◆ Goal of the exercise:
Every line of the data below is to be given again as it appears, with the images removed.

* * * * * * *

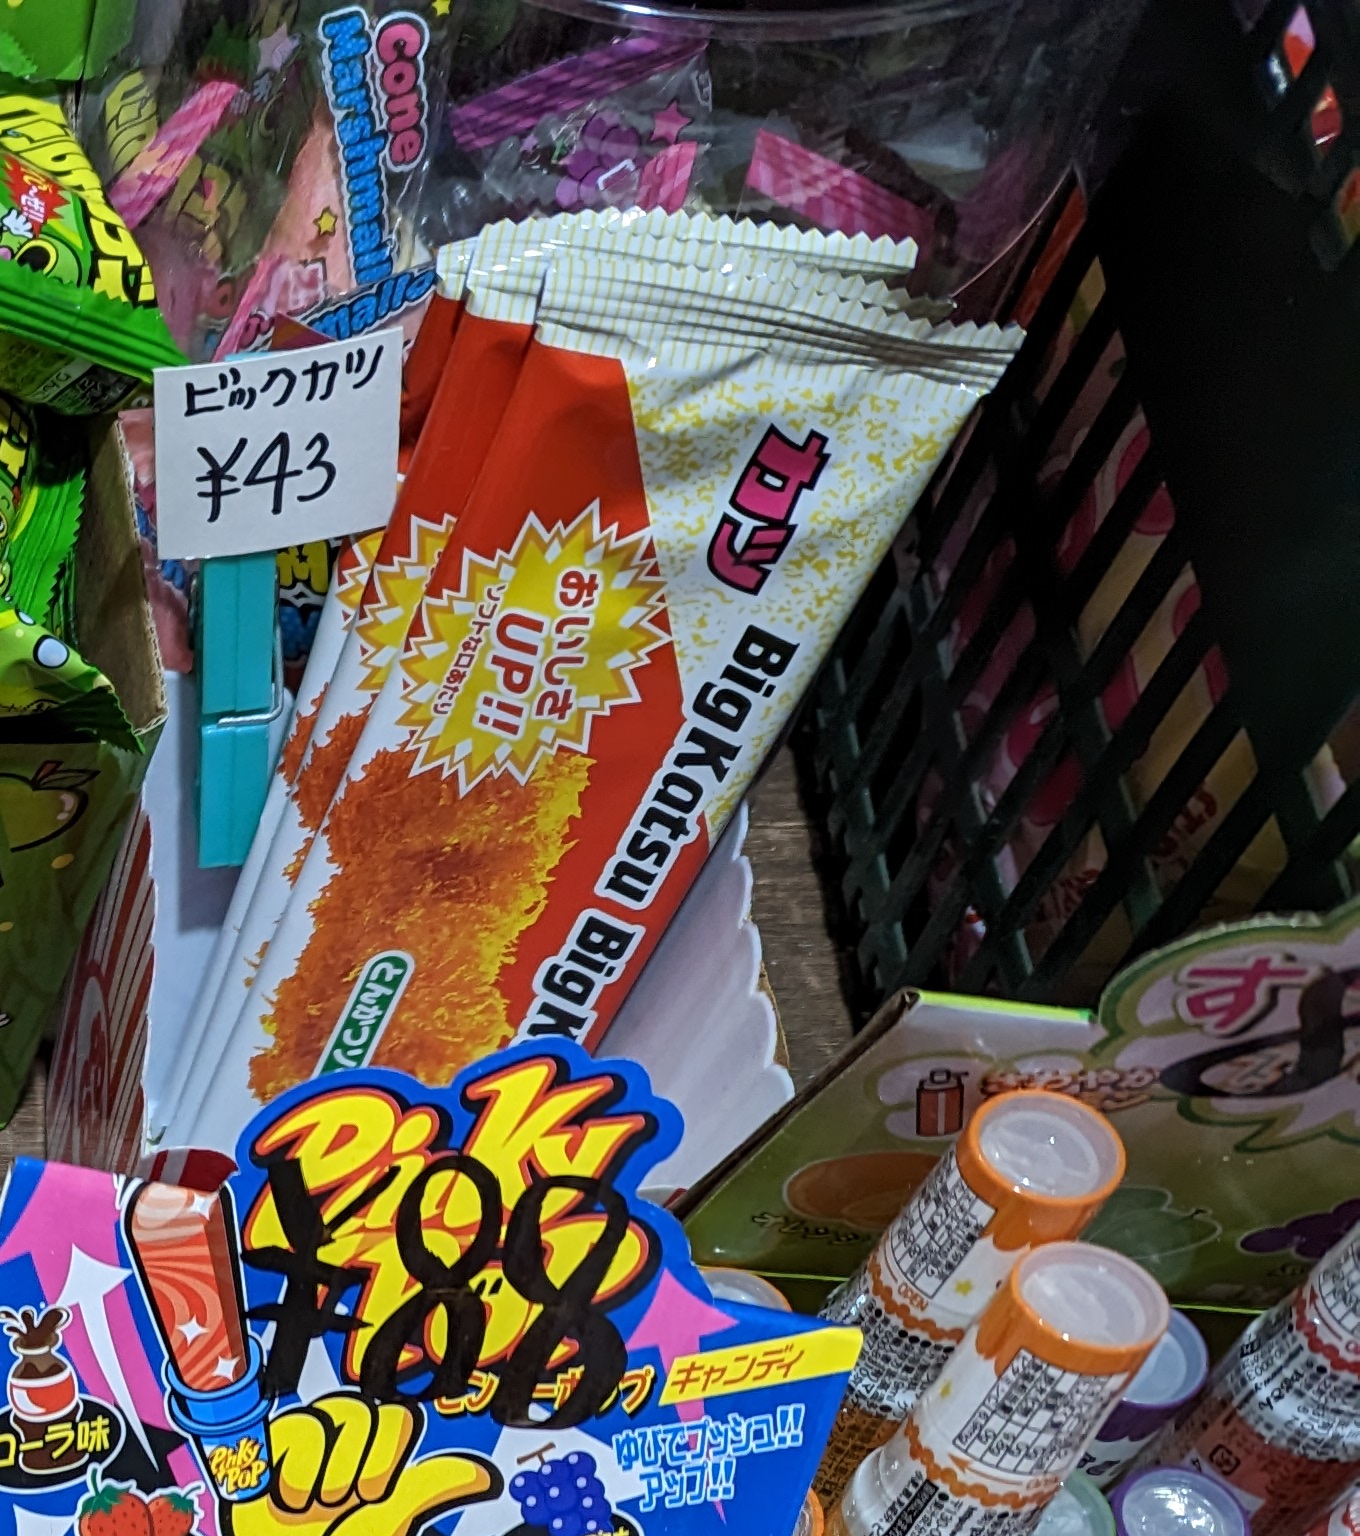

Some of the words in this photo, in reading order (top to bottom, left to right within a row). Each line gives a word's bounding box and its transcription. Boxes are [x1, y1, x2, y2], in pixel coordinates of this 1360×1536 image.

[183, 344, 385, 417] ビックカツ
[194, 431, 338, 523] ¥43
[707, 426, 831, 596] カツ
[475, 611, 547, 738] UP!!
[535, 569, 599, 721] おいしさ
[671, 1344, 806, 1392] キャンディ
[613, 1404, 805, 1474] ゆびでプッシュ!!
[640, 1459, 735, 1512] アップ!!

* * * * * * *

◆ Response below:
Some of the words in this photo, in reading order (top to bottom, left to right within a row). Each line gives a word's bounding box and its transcription. Boxes are [x1, y1, x2, y2], in pixel coordinates of this 1360×1536 image.

[183, 344, 385, 417] ビックカツ
[194, 431, 338, 523] ¥43
[707, 426, 831, 596] カツ
[475, 611, 547, 738] UP!!
[535, 569, 599, 721] おいしさ
[671, 1344, 806, 1392] キャンディ
[613, 1404, 805, 1474] ゆびでプッシュ!!
[640, 1459, 735, 1512] アップ!!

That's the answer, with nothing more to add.